- 20 Jan 2026
- 3 min read
- By Emily Holzberger, Senior Associate, Carter Newell Lawyers
Good records, good outcome: Why accurate and detailed records protect property managers
A recent decision of the Australian Capital Territory Supreme Court (the Court) demonstrates that thorough record keeping and clear documentation of tenant communications can be decisive in defending claims against property managers and lessors, particularly where allegations of property defects are in dispute.
Background
This dispute arose between the property manager, the lessor, and the tenant of a residential property located in Dunlop, Australian Capital Territory.
From 18 February 2020, the tenant leased the property from the lessor through the property manager.
It was alleged that on 25 June 2020, while turning on a light switch at the property, the tenant sustained an electric shock which caused a loss of consciousness and a subsequent fall (the alleged incident). At first instance, the tenant alleged that she had reported issues with the subject light switch to the property manager in or around February 2020. However, prior to the hearing, the tenant conceded that there were no identifiable issues with the light switch as at February 2020 and instead claimed that it had “deteriorated over time”.
The proceedings
The tenant commenced proceedings against the lessor and property manager in the Supreme Court of the Australian Capital Territory, claiming damages for injuries allegedly sustained from the alleged incident.
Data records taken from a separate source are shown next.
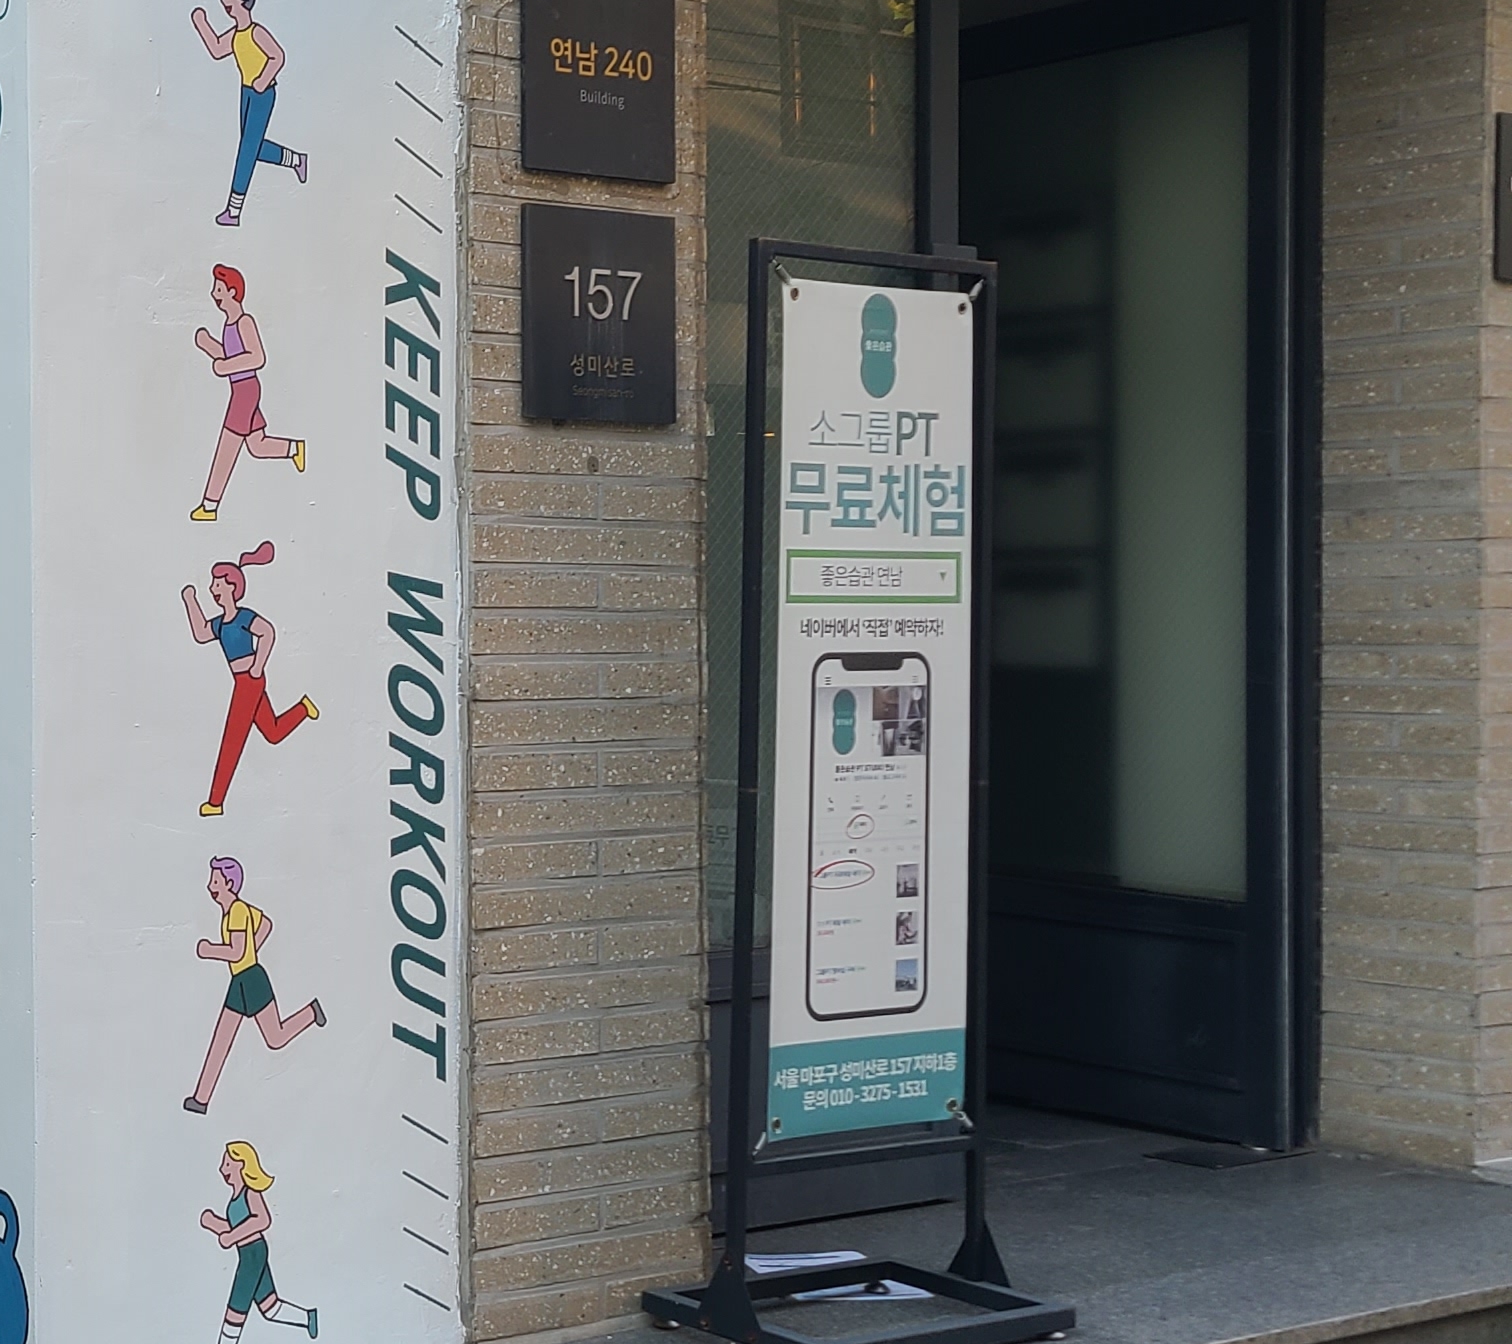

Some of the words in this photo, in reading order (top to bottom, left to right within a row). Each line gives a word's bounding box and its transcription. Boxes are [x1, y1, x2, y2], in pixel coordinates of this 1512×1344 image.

[550, 37, 599, 77] 연남
[604, 46, 653, 82] 240
[580, 89, 625, 111] Building
[563, 265, 644, 322] 157
[570, 353, 636, 378] 성미산로
[384, 247, 441, 522] KEEP
[785, 462, 966, 537] 무료체험
[820, 565, 875, 588] 좋은습관
[800, 618, 861, 638] 네이버에서
[386, 571, 447, 1083] WORKOUT
[774, 1067, 800, 1090] 서울
[800, 1063, 838, 1086] 마포구
[839, 1058, 889, 1082] 성미산로
[890, 1057, 912, 1076] 157
[802, 1088, 829, 1111] 문의
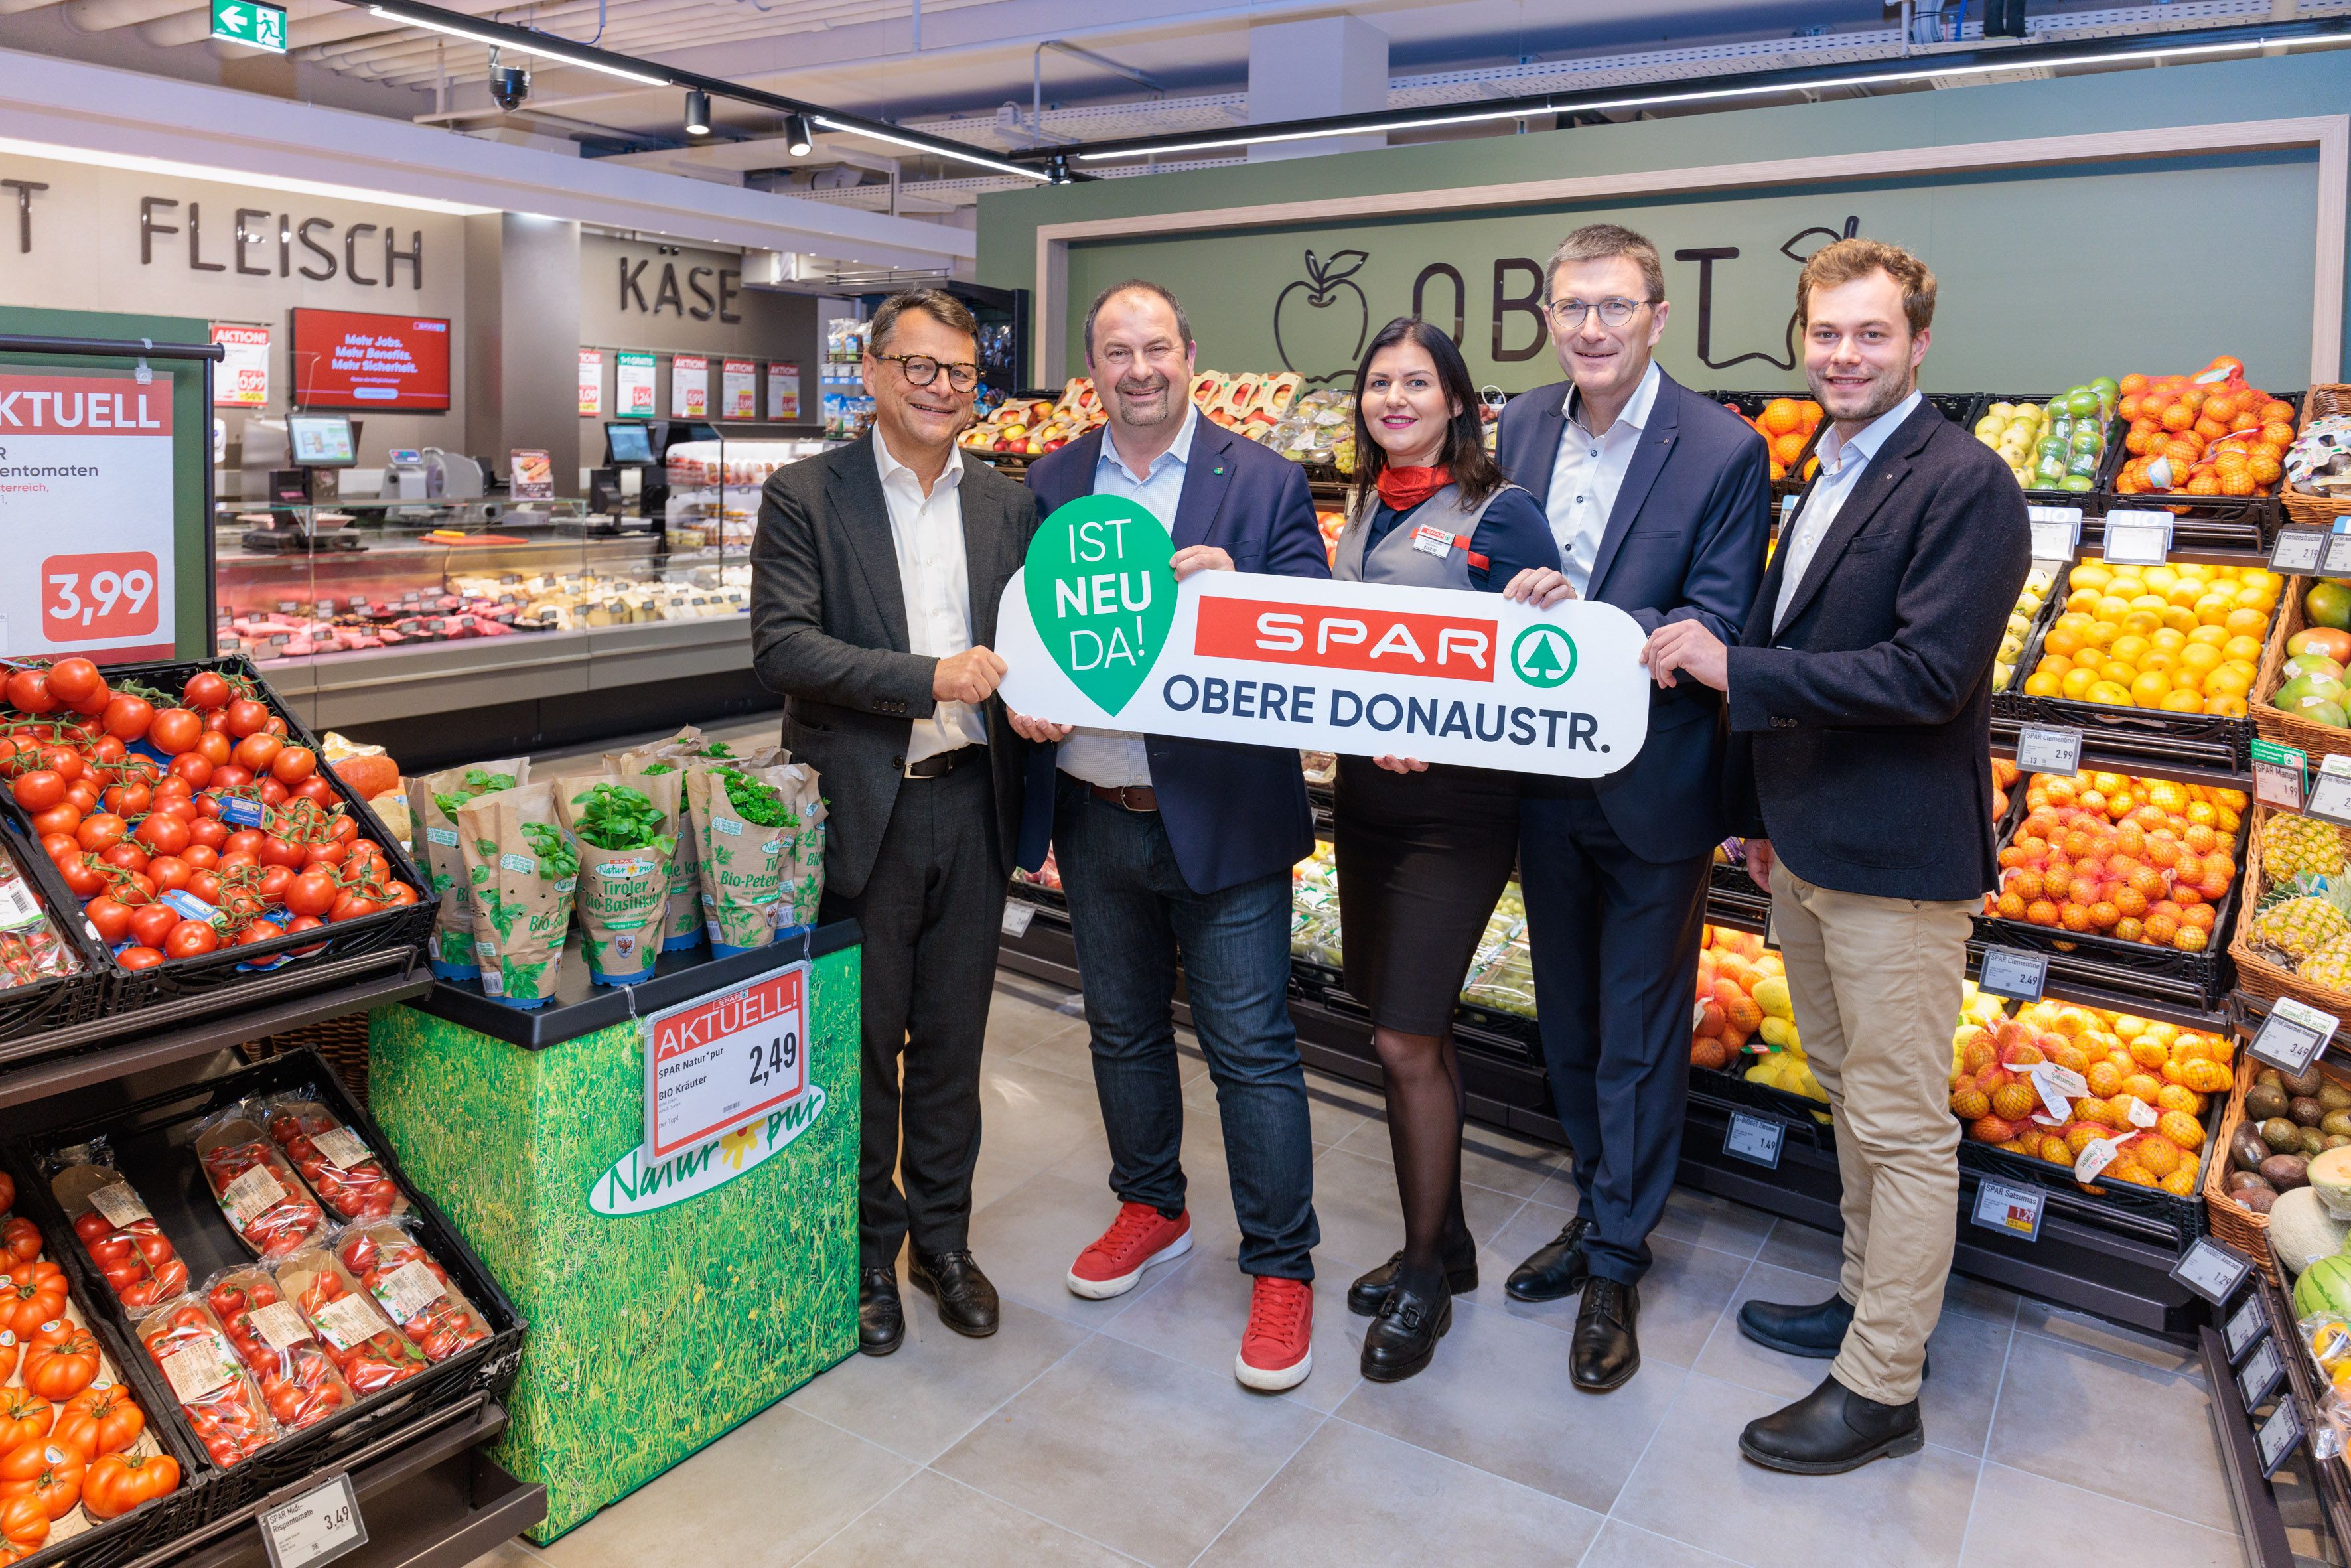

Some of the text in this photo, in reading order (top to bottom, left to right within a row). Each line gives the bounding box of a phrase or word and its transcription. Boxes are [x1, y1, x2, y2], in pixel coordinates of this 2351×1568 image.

[141, 196, 422, 290] FLEISCH
[620, 246, 741, 324] KÄSE
[1412, 247, 1740, 368] OBT
[214, 329, 267, 344] AKTION!
[345, 334, 403, 348] Mehr Jobs.
[336, 346, 412, 360] Mehr Benefits.
[332, 358, 418, 373] Mehr Sicherheit.
[675, 358, 707, 369] AKTION!
[725, 363, 754, 373] AKTION!
[770, 366, 797, 376] AKTION!
[239, 376, 265, 390] 0,99
[0, 464, 99, 477] entomaten
[2031, 508, 2070, 522] BIO
[2120, 512, 2161, 526] BIO
[1068, 518, 1132, 564] IST
[1426, 529, 1445, 538] SPAR
[2283, 533, 2322, 542] Passionsfrüchte
[2303, 549, 2318, 559] 2.19
[49, 569, 153, 626] 3,99
[1055, 570, 1151, 618] NEU
[1070, 614, 1145, 672] DA!
[1255, 612, 1488, 670] SPAR
[1163, 673, 1612, 754] OBERE DONAUSTR.
[2043, 735, 2075, 744] Clementine
[2055, 749, 2073, 760] 2.99
[2257, 763, 2297, 783] SPAR Mango
[2284, 785, 2298, 797] 1.99
[512, 864, 531, 874] MATERI
[599, 863, 654, 875] Natur pur
[603, 880, 648, 896] Tiroler
[1991, 954, 2040, 969] SPAR Clementine
[2020, 973, 2038, 985] 2.49
[719, 995, 740, 1007] SPAR
[657, 981, 797, 1060] AKTUELL!
[2272, 1017, 2284, 1027] SPAR
[2284, 1021, 2302, 1033] Gourmet
[2290, 1043, 2309, 1058] 3.49
[750, 1032, 796, 1086] 2,49
[659, 1064, 680, 1079] SPAR
[659, 1074, 707, 1101] BIO Kräuter
[2051, 1071, 2076, 1089] Satsumas
[658, 1114, 679, 1130] per Topf
[1735, 1115, 1777, 1133] S-BUDGET Zitronen
[608, 1094, 822, 1209] Natur pur
[1760, 1138, 1776, 1150] 1.49
[1985, 1184, 2003, 1195] SPAR
[2005, 1190, 2037, 1205] Satsumas
[2016, 1208, 2035, 1222] 1.29
[2198, 1244, 2241, 1271] S-BUDGET Avocado
[2214, 1271, 2232, 1286] 1.29
[269, 1503, 303, 1524] SPAR Midi-
[272, 1508, 314, 1533] Rispentomate
[324, 1506, 349, 1530] 3.49
The tenant claimed that the lessor and property manager breached their duty of care under section 42 of the Civil Law (Wrongs) Act 2002 (ACT), contending that:
- The lessor and property manager ought to have known there was a probability of harm being suffered by the tenant as a result of electric shock if precautions were not taken;
- The risk of harm was serious;
- The burden of taking precautions against such a risk was minimal; and
- They failed to take the necessary steps to identify and rectify any defects at the property.
The Supreme Court’s analysis
The Supreme Court expressed concerns regarding the tenant’s credibility noting inconsistencies in the evidence. The tenant originally submitted that the light switch was defective in or around February 2020. However, the property manager produced an entry condition report, supported by photographs, in which the tenant confirmed that there were no defects in the light switch as of February 2020. This evidence undermined the tenant’s credibility, and the tenant changed her evidence to allege that the subject light switch had “deteriorated over time”. Considering the changing narrative, the Court held that the alleged incident must be supported by independent contemporaneous evidence.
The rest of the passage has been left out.